Open shirasegoby opened 1 year ago

shirasegoby commented 1 year ago

Hello,

Thank you very much for this great tool. I used the pcangsd to find outlier SNP loci.

I used "-selection" flag and obtained an output. The output contained one column. Does this mean that only PC1 is significant and selection statistics along PC1 were outputted?

DanielOsmond commented 1 year ago

To save adding another thread, a similar question here. I'm a little confused as to what the output of the selection.npy file is actually reporting?

For context, I'm running PCAngsd with this command: pcangsd --beagle {inputbeagle}--selection --minMaf 0.05 --threads 16 -o $BASEDIR'angsd/pcangsd'$PREFIX --sites_save

And get an output with this head:

D <- npyLoad("pcangsd_full_snp_selection.selection.npy") # Reads PC based selection statistics View(D) head(D) [,1] [,2] [,3] [,4] [,5] [,6] [,7] [,8] [1,] 0.550135195 0.41988349 2.86682153 0.01884845 0.1577135772 0.24476774 0.27481931 0.282718897 [2,] 0.004351228 1.18976772 0.01015188 0.01219513 0.2708614469 0.27879831 0.68683660 1.323182344 [3,] 1.946982026 0.75790089 0.32707891 0.01051806 0.0303267129 0.01896533 0.07251304 0.008901663 [4,] 0.112891927 3.26745486 1.69801426 0.40741089 0.0003703941 3.15582776 1.04348207 2.947828531 [5,] 0.001022269 0.05364039 0.03050057 0.28526935 0.6652516723 0.65088129 1.93980658 2.141073942 [6,] 0.449037045 0.23769799 0.14198528 1.01102042 0.0241993852 1.01173162 2.27705216 1.996245265

I presume each of the columns is a stat relating to a different PC axis but what is this stat, does it represent PCAngsd-s1/s2? Sorry if this is a silly question but I've scoured through the paper, supp materials and postings here and struggling to get a resolution.

Thank you!

Dan

Rosemeis commented 1 year ago

Hi both of you! Sorry for the late response but I just came back from vacation. :-)

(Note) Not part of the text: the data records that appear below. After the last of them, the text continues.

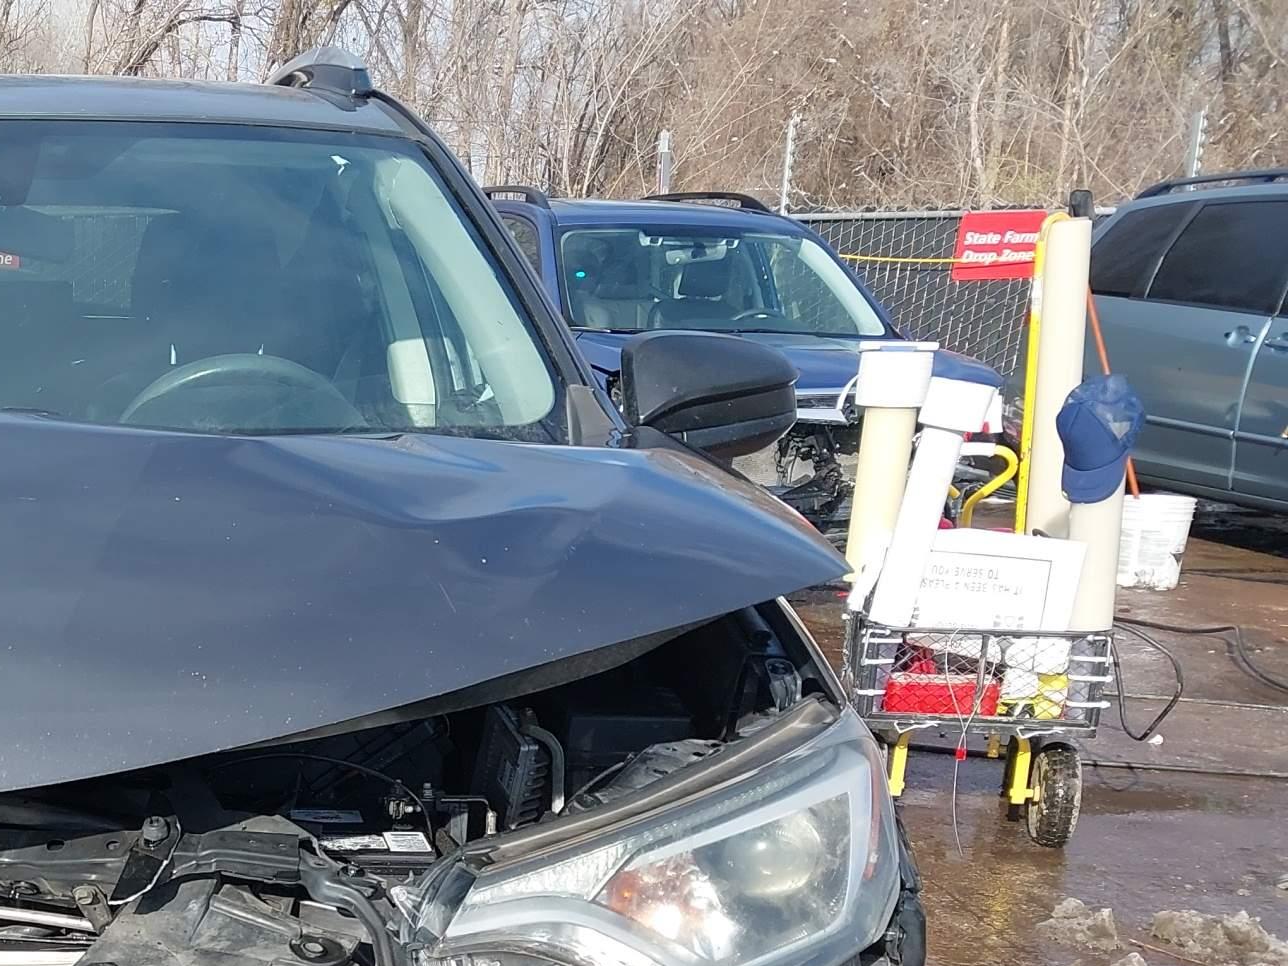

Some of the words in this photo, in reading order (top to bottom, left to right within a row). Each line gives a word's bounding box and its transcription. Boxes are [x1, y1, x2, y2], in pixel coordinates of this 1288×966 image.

[964, 231, 1001, 245] State
[1004, 230, 1039, 244] Farm
[962, 249, 997, 265] Drop
[954, 567, 983, 578] SERVE
[987, 568, 999, 580] TO
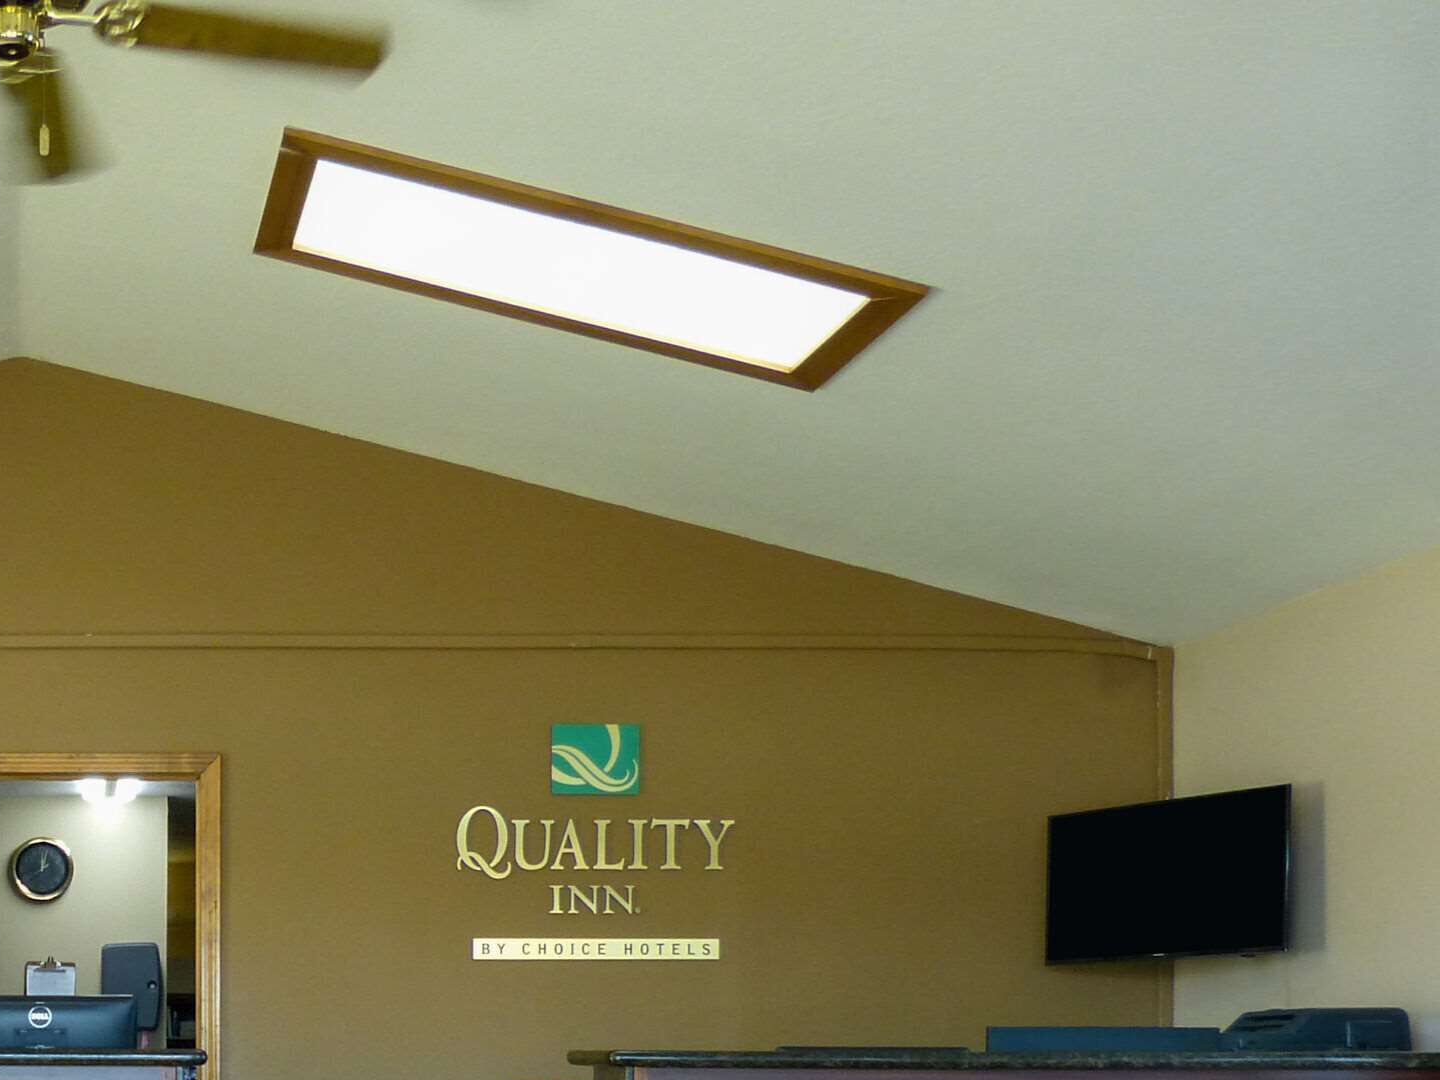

@shirasegoby There is only one PC outputted, as there was only one PC detected (or you might have manually set it to 1) to capture population structure such that only one PC is used to detect selection. In the newer version of PCAngsd, you can still perform selection scans for more PCs by using "--selection_e INT".

@DanielOsmond Yes exactly, each column refer to selection stats of each PC that was detected to capture population structure. The selection scan details are unfortunately not part of the original paper but it is in this one: https://doi.org/10.1186/s12859-021-04375-2 So the selection statistics are chi-square distributed with 1 degree of freedom.

Please feel free to ask more questions! :-)

Best, Jonas

shirasegoby commented 1 year ago

Hi Jonas,

I hope you had a good holiday. I understand well. Thank you very much!!

Best, Shotaro

DanielOsmond commented 1 year ago

Thanks for the reply Jonas, that's exactly what I was after. Thank you for helping!

akimmitt commented 11 months ago

Hello! I similarly was getting 1 column of output for my -pcadapt function when I did not specify "--selection_e" I added to my script "--selection_e 2", and while I'm now getting two columns of data, the columns have different z-scores for PC1 compared to the original PC1 (when --selection_e was not specified). Why would these values be different? Are z-scores not be calculated for the PCs independently?